The way Eliot recalled it, he wrote his first report on Chad Scott, a cornerback in the 1997 draft. He said he gave Scott a first-round grade. Lo and behold, Scott was picked 24th by the Steelers. Eliot was 15 years old at the time.

“At first, Eliot was cocky, he was confident and he was like, ‘I know it all,'” McCloughan said. “Shortly after the [AFC] championship game the other night, he texts me and he said, ‘The only reason I’m here is because guys like you helped me out.'”

Ron retired after the 2001 draft. By then, Eliot was a student at the University of Miami, where he worked in the football department, and had done an internship with the Atlanta Falcons. His first full-time job came with the Packers in 2004 as a pro personnel assistant. He was promoted five times and stayed with the Packers through the 2017 season, when he was the team’s director of football operations.

At age 36, he interviewed for the Packers’ general manager job, but he didn’t get it.

The Packers instead went with Gutekunst, and Eliot Wolf left the organization shortly thereafter. He was reunited with Dorsey, who was GM of the Browns at the time, before Wolf joined the Patriots in 2020. When the Bill Belichick era in New England ended, team owner Robert Kraft made Wolf the de facto GM, naming him executive vice president of player personnel in 2024. Wolf’s first draft pick was quarterback Drake Maye at No. 3 overall. When the Patriots hired Mike Vrabel as coach last year, some thought Wolf might lose power, but it does not appear that has happened.

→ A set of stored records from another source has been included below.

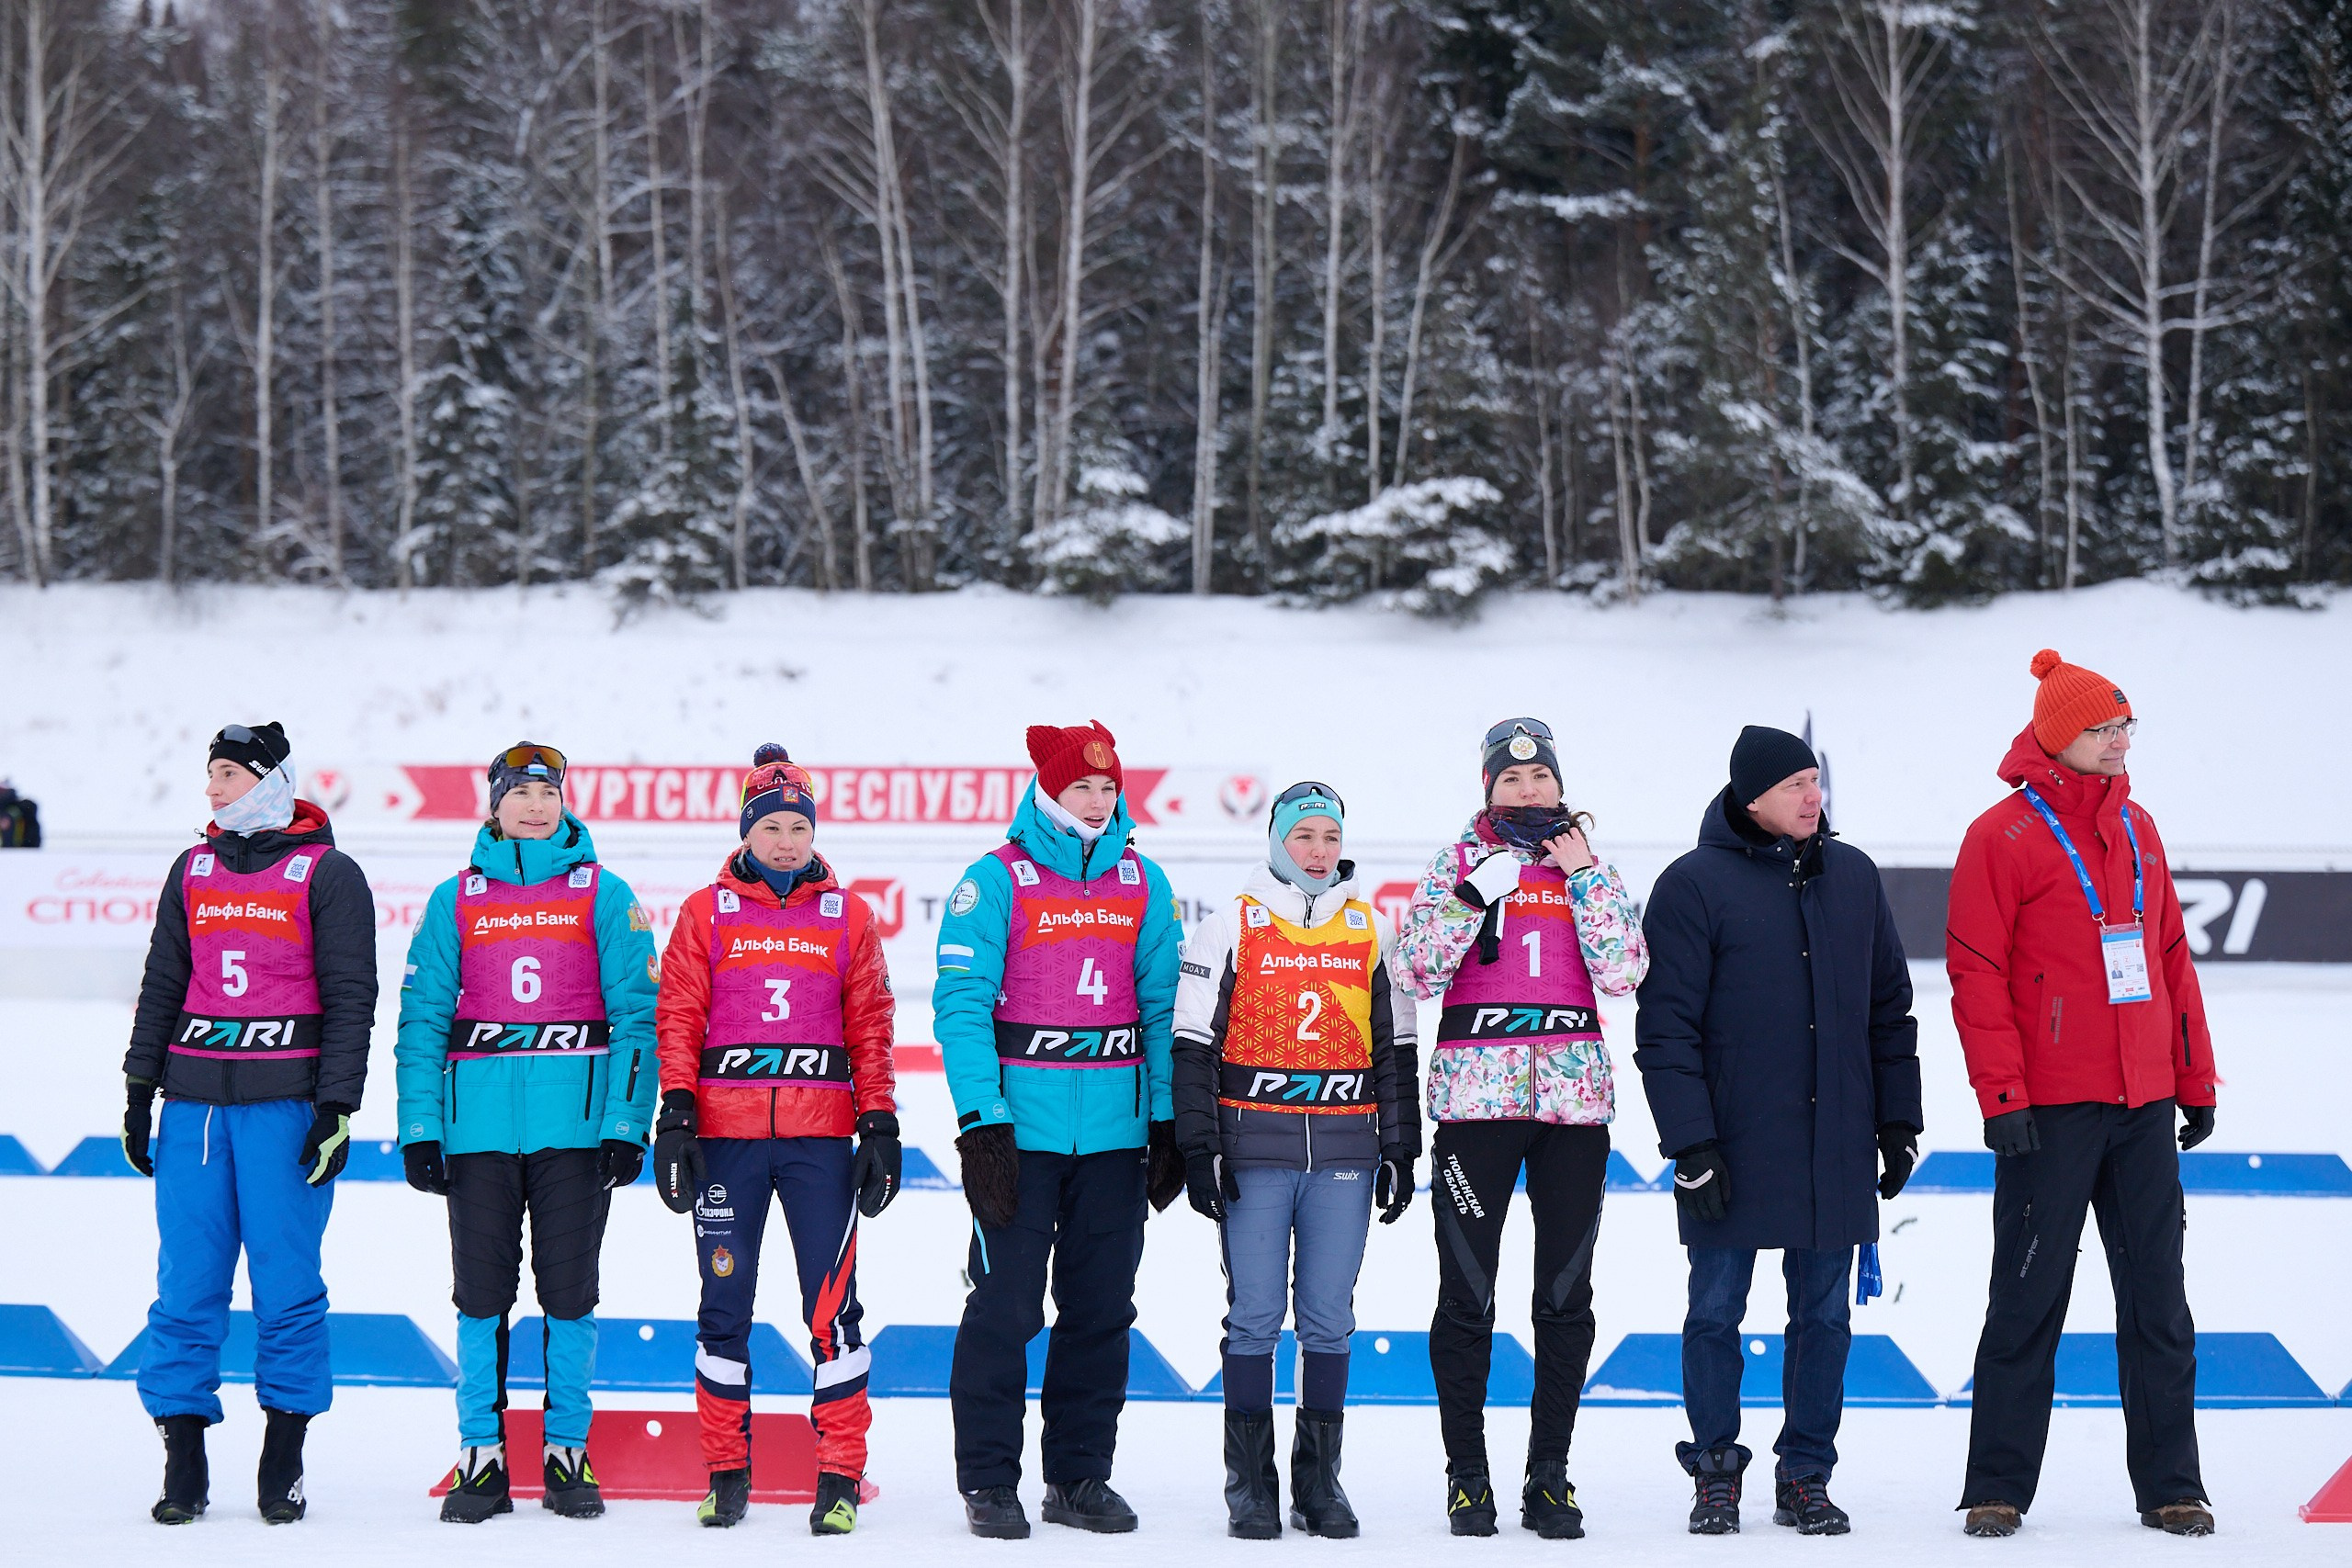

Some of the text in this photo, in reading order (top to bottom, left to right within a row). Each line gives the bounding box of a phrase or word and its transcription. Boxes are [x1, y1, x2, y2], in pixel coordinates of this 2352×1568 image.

[248, 760, 271, 776] swi
[469, 768, 741, 820] УУРТСКА
[1300, 802, 1326, 810] PARI
[1122, 874, 1136, 882] 2025
[823, 907, 838, 915] 2025
[1504, 889, 1539, 907] ьфа
[196, 902, 288, 923] Альфа Банк
[474, 911, 579, 933] Альфа Банк
[1038, 908, 1134, 931] Альфа Банк
[2172, 877, 2267, 955] RI
[729, 936, 829, 958] Альфа Банк
[1521, 931, 1541, 977] 1
[221, 950, 248, 998] 5
[1183, 964, 1205, 976] MOAX
[1261, 953, 1362, 973] Альфа Банк
[511, 956, 542, 1003] 6
[1076, 957, 1108, 1005] 4
[761, 978, 791, 1021] 3
[1296, 991, 1322, 1041] 2
[1470, 1008, 1588, 1034] PARI
[180, 1018, 295, 1047] PARI
[466, 1022, 589, 1049] PARI
[1025, 1027, 1136, 1057] PARI
[718, 1047, 829, 1075] PARI
[1248, 1072, 1364, 1100] PARI
[1442, 1168, 1469, 1215] ОБЛАСТЬ
[1447, 1153, 1486, 1219] ТЮМЕНСКАЯ
[2019, 1234, 2039, 1278] stayer

“No one talks about Eliot,” McCloughan said. “They talk about the head coach, of course, but it was really cool the moves he had and how they panned out. I remember he called me, and he was like, ‘What do you think about Drake Maye?’ I said, ‘Listen partner, if you get a chance to take him, you take him because he’s Troy Aikman in the making.’ He was like, ‘Really?’ I was like, ‘100 percent.’ But I didn’t think he’d be the runner-up for MVP in his second season.”

Like Wolf, Schneider had some potential paths to running the Packers. Early in his tenure with the Seahawks, he had a clause in his contract that would let him out to become Green Bay’s general manager. But by the time the job opened in 2018, Schneider no longer had that clause. Then, before the Packers appointed Ed Policy to take over as team president last summer, Schneider went deep into the interview process for that job.

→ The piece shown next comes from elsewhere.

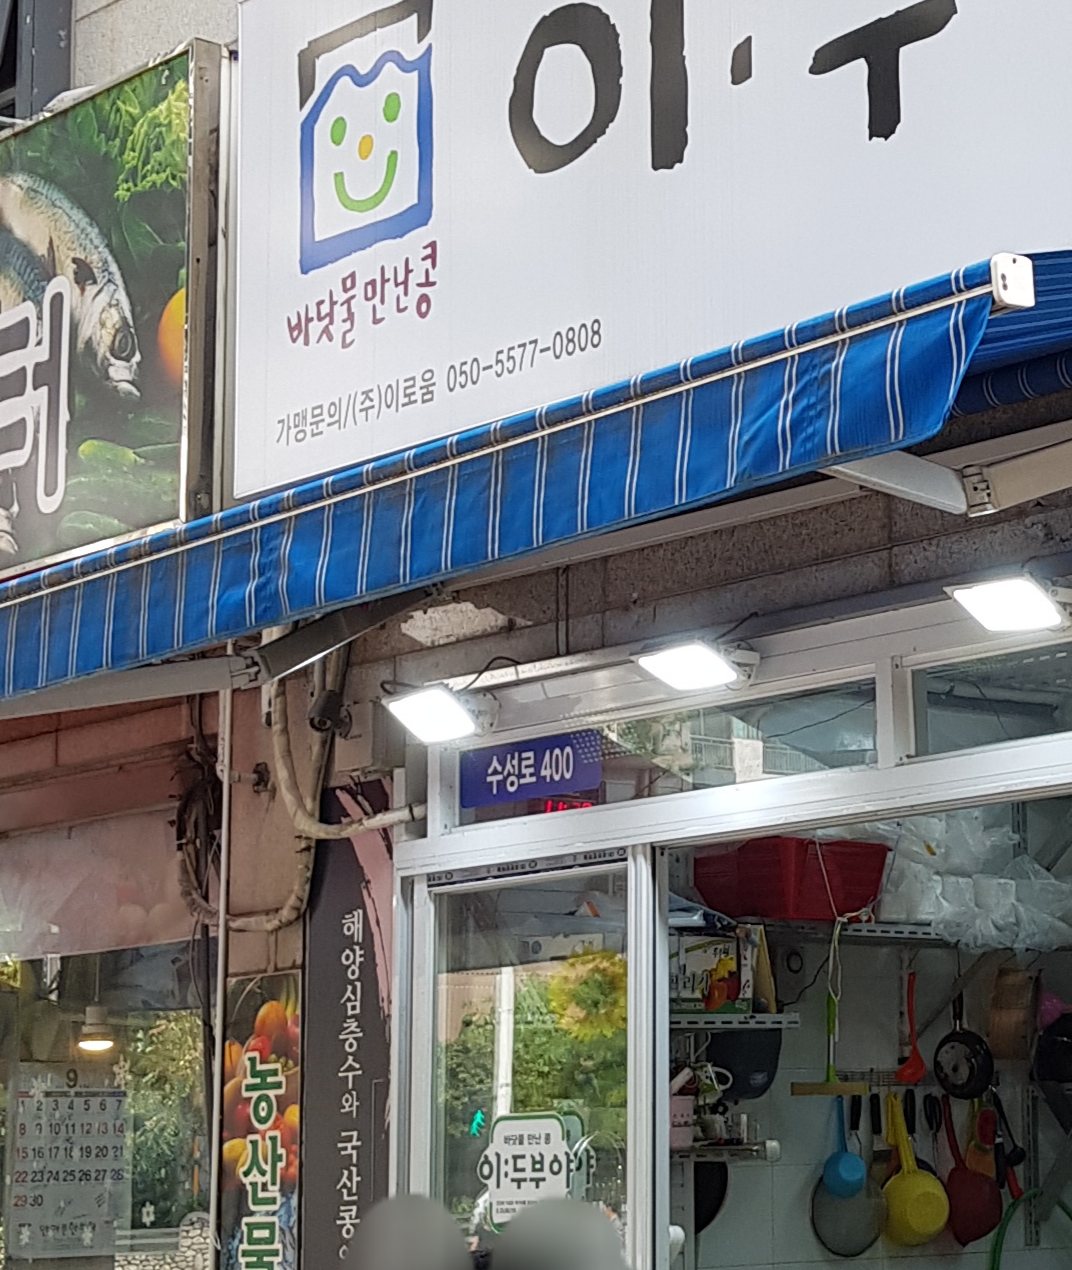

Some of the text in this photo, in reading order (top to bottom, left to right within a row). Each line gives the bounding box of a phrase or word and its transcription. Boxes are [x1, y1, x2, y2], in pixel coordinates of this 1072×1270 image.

[446, 318, 602, 393] 050-5577-0808
[486, 745, 574, 795] 수성로 400
[338, 909, 364, 1118] 해양심층수와
[66, 1068, 78, 1088] 9

Now, Schneider is about to make his third Super Bowl appearance with the Seahawks and Wolf his first with the Patriots. Another former Packers scout, Alonzo Highsmith, works for Wolf as a senior personnel executive in New England.

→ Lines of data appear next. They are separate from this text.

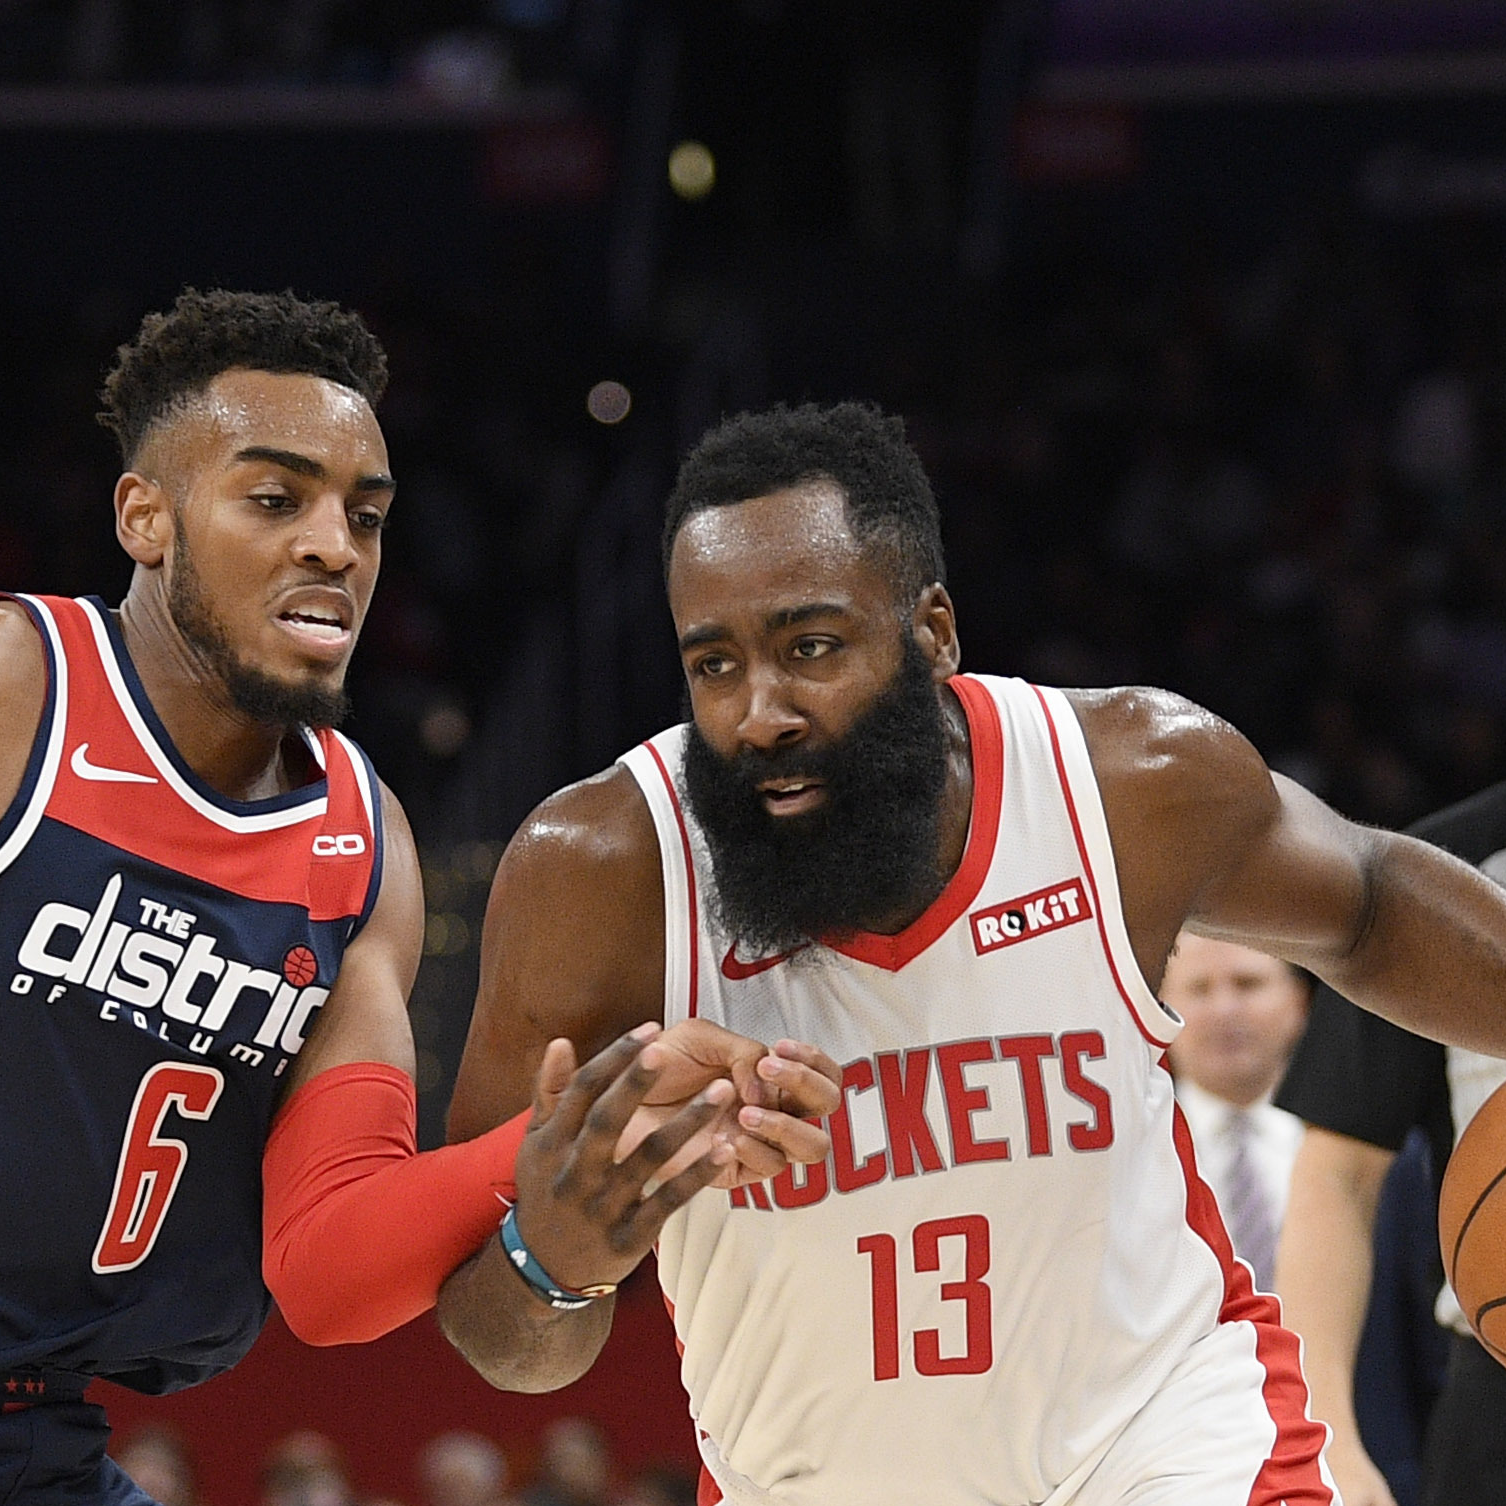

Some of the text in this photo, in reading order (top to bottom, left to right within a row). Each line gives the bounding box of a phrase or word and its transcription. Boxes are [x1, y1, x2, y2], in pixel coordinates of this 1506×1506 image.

[10, 974, 67, 1004] OF
[140, 898, 197, 940] THE
[92, 1061, 225, 1275] 6
[729, 1029, 1115, 1212] OCKETS
[857, 1214, 994, 1382] 13

“Just think about this: Two guys from the same high school up there in Green Bay are essentially the general managers of the two teams that are playing for the Super Bowl,” Wolf said. “Think about that now, from that little town of 100,000 people.”

While Ron Wolf called himself “a proud papa,” he’s also thankful for the wisdom guys such as Schneider imparted on his son.

“When I was younger, basically an extension of what I learned from my dad: Be honest, treat people right. As far as scouting: Trust what you see and believe it,” Eliot Wolf said of what he learned from Schneider. “A passion for the game, the players, the process and the people you meet. As I continued on and actually worked with him, he made me realize and learn the importance of relationships throughout the league, whether that’s colleagues on other teams, or agents, or media, etc. He has a remarkable ability to connect with people, to lead and command respect while not being a hard-ass, and his skill in working with different coaches’ personalities is well known.”

Just don’t call him Eliot’s babysitter.

“It was kind of babysitting,” Schneider said last week. “We were at the office. It was not just me. It was Reggie, Dorsey, but I was the youngest one of all those guys at the time.”

ESPN’s Brady Henderson and Mike Reiss contributed to this report.